Algunos estudiosos afirman que sus trabajos más originales los realizó en los años 90 y 2000. Por eso Bourgeois continúa ejerciendo influencia en los jóvenes artistas. Se sabe que recibía a los nuevos creadores en su residencia de Chelsea, a la hora del té, y tenían que llevar una obra para mostrarla a todos. Resulta fascinante ver con detenimiento las imágenes de esa casa donde vivió la mayor parte de su vida con su familia. La vemos un tanto caótica, un poco desordenada, llena de papeles, dibujos y recortes de revistas colgados en la gran pared del salón. Imaginamos a la artista en su interior con el pelo recogido, sus ojos inquietantes y gesticulando con sus manos, su otro yo.
Su asistente personal, Jerry Gorovoy, en una entrevista concedida tras la muerte de la artista, habla del esfuerzo de Louise para someterse a una rutina diaria de trabajo, a pesar de su edad: “Todas las mañanas a las diez la recogía para llevarla a su estudio de Brooklyn.

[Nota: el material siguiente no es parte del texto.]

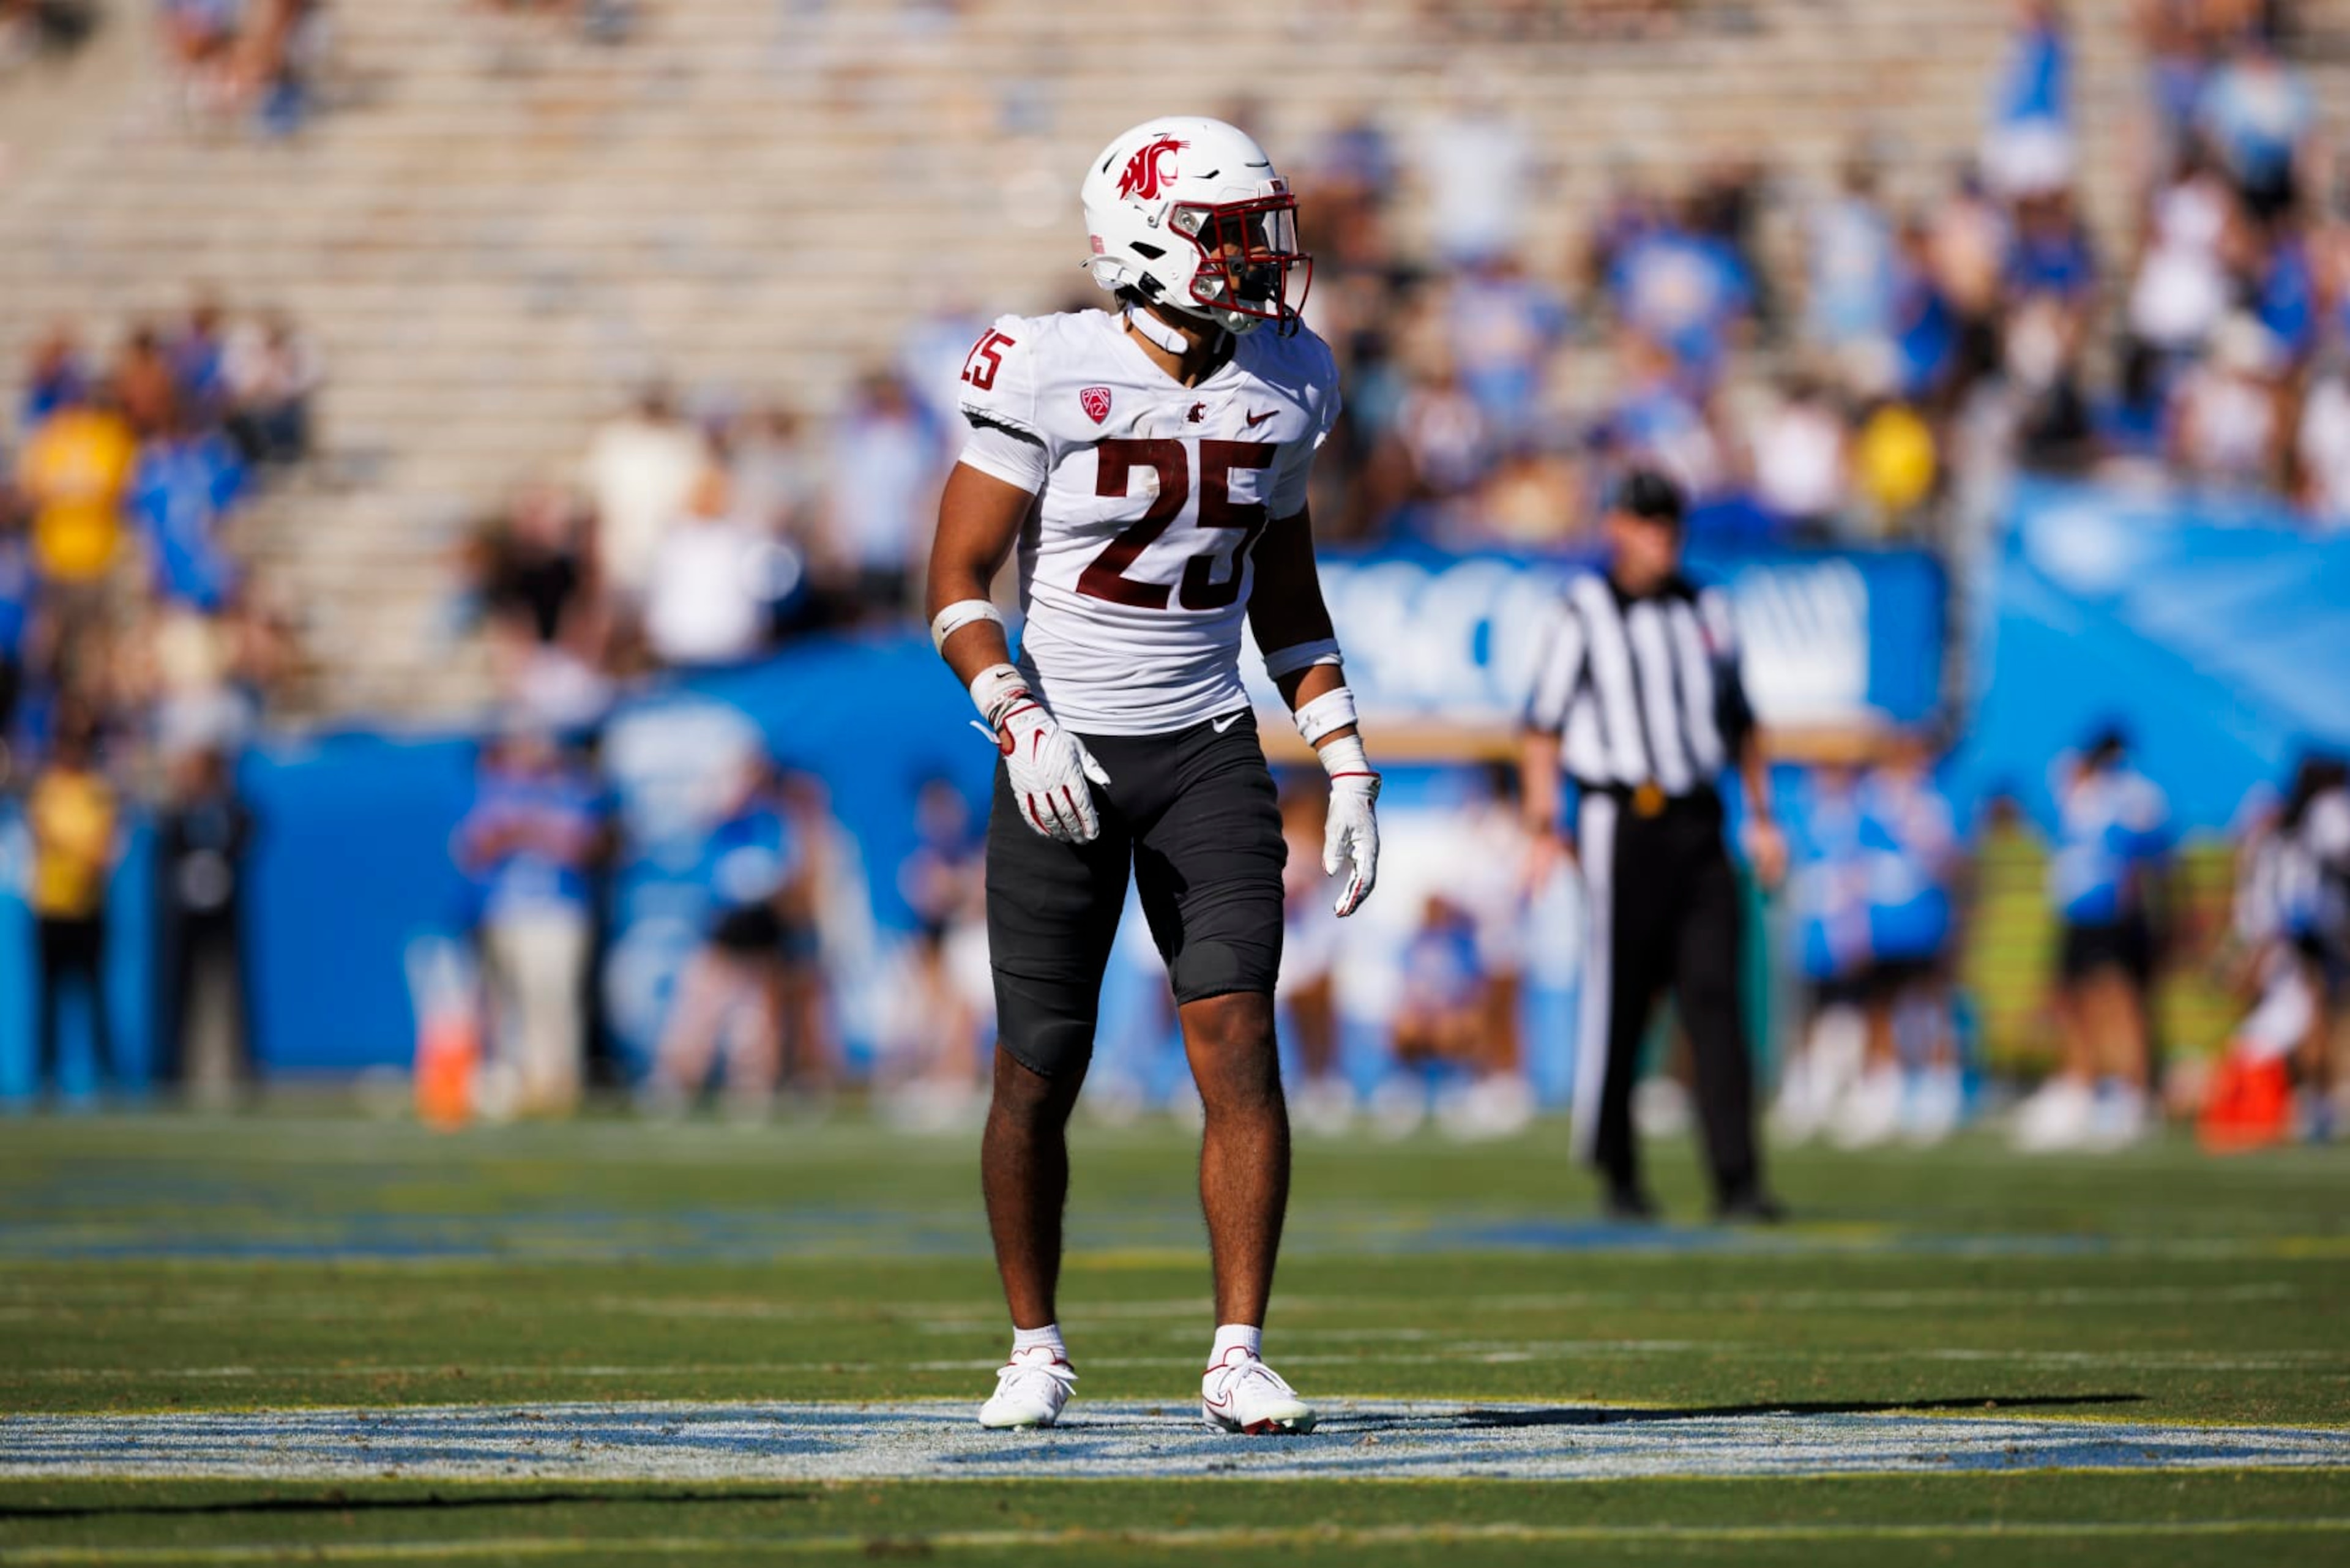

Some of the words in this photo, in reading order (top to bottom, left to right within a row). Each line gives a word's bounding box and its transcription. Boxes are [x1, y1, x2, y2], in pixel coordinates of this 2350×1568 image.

[1081, 389, 1109, 409] PAC
[1089, 401, 1106, 416] 12
[1076, 438, 1278, 610] 25

Incluso me dedicó una serie de dibujos que tituló “10 AM is when you come to me”. Era una mujer excepcional”.

PALABRA DE LOUISE
–“Tenía la sensación de que la escena artística pertenecía a los hombres y de que yo estaba, en cierto sentido, invadiendo sus dominios”.
–“Todas las obras que he realizado en los últimos 50 años, todos mis temas se han inspirado en mi infancia. Nunca ha perdido su halo mágico, su misterio, su drama”.
–“No estoy influenciada por los surrealistas, los conocí cuando yo estudiaba en París. Ellos vivían en la Rue du Seine, tenían su galería y yo me paraba y hablaba con ellos”.
– “Mi feminismo se expresa mediante un profundo interés en lo que hacen las mujeres. Pero soy una persona muy solitaria. Reunirme con otra gente no me ayuda lo más mínimo”.
–“Tienes que contar tu historia, y tienes que olvidarla. Olvidas y perdonas. Eso te libera”.
Este texto parte de la exposición Louise Bourgeois. Estructuras de la existencia: las Celdas, que permanecerá hasta el 4 de septiembre de 2016 en el Museo Guggenheim de Bilbao.
FIRMAS SUMERGIDAS | FLORINDA SALINAS
Florinda Salinas nació en Sevilla. Licenciada en Periodismo por la Universidad de Navarra, trabajó durante dos décadas en la revista Telva, de la que fue subdirectora. Posteriormente fue redactora jefe del diario El Mundo y directiva en el grupo ¡Hola! Es autora del libro “La mujer visible” (Digital Reasons), donde analiza el paso de la mujer en la sombra a la mujer en el mundo. “Siempre me produjo desazón entrar en casa del hombre importante que iba a entrevistar y escuchar los pasos de su mujer alejándose por el pasillo hacia el invisible mundo de lo doméstico”, plantea en su introducción.